### WHAT YOU SHOULD DO:
Copy out all the entries word for word.
(GIVEN ENTRIES)
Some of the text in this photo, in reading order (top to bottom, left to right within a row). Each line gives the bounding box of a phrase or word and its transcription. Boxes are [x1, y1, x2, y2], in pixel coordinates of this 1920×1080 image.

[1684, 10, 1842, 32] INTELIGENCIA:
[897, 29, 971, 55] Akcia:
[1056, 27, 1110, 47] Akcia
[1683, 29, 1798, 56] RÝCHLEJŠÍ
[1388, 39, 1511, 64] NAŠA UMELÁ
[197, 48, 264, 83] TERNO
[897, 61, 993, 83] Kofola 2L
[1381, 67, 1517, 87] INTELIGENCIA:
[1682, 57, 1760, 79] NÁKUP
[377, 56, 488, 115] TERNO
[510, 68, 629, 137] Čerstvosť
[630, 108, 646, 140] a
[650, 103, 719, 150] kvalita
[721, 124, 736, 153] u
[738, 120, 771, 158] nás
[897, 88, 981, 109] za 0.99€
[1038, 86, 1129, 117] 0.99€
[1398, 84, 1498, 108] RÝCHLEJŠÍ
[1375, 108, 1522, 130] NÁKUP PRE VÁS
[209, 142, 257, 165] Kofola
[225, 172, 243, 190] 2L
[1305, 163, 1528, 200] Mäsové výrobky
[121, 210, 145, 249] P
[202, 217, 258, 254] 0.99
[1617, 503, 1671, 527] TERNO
(End GIVEN ENTRIES)
### ANSWER SECTION:
Some of the text in this photo, in reading order (top to bottom, left to right within a row). Each line gives the bounding box of a phrase or word and its transcription. Boxes are [x1, y1, x2, y2], in pixel coordinates of this 1920×1080 image.

[1684, 10, 1842, 32] INTELIGENCIA:
[897, 29, 971, 55] Akcia:
[1056, 27, 1110, 47] Akcia
[1683, 29, 1798, 56] RÝCHLEJŠÍ
[1388, 39, 1511, 64] NAŠA UMELÁ
[197, 48, 264, 83] TERNO
[897, 61, 993, 83] Kofola 2L
[1381, 67, 1517, 87] INTELIGENCIA:
[1682, 57, 1760, 79] NÁKUP
[377, 56, 488, 115] TERNO
[510, 68, 629, 137] Čerstvosť
[630, 108, 646, 140] a
[650, 103, 719, 150] kvalita
[721, 124, 736, 153] u
[738, 120, 771, 158] nás
[897, 88, 981, 109] za 0.99€
[1038, 86, 1129, 117] 0.99€
[1398, 84, 1498, 108] RÝCHLEJŠÍ
[1375, 108, 1522, 130] NÁKUP PRE VÁS
[209, 142, 257, 165] Kofola
[225, 172, 243, 190] 2L
[1305, 163, 1528, 200] Mäsové výrobky
[121, 210, 145, 249] P
[202, 217, 258, 254] 0.99
[1617, 503, 1671, 527] TERNO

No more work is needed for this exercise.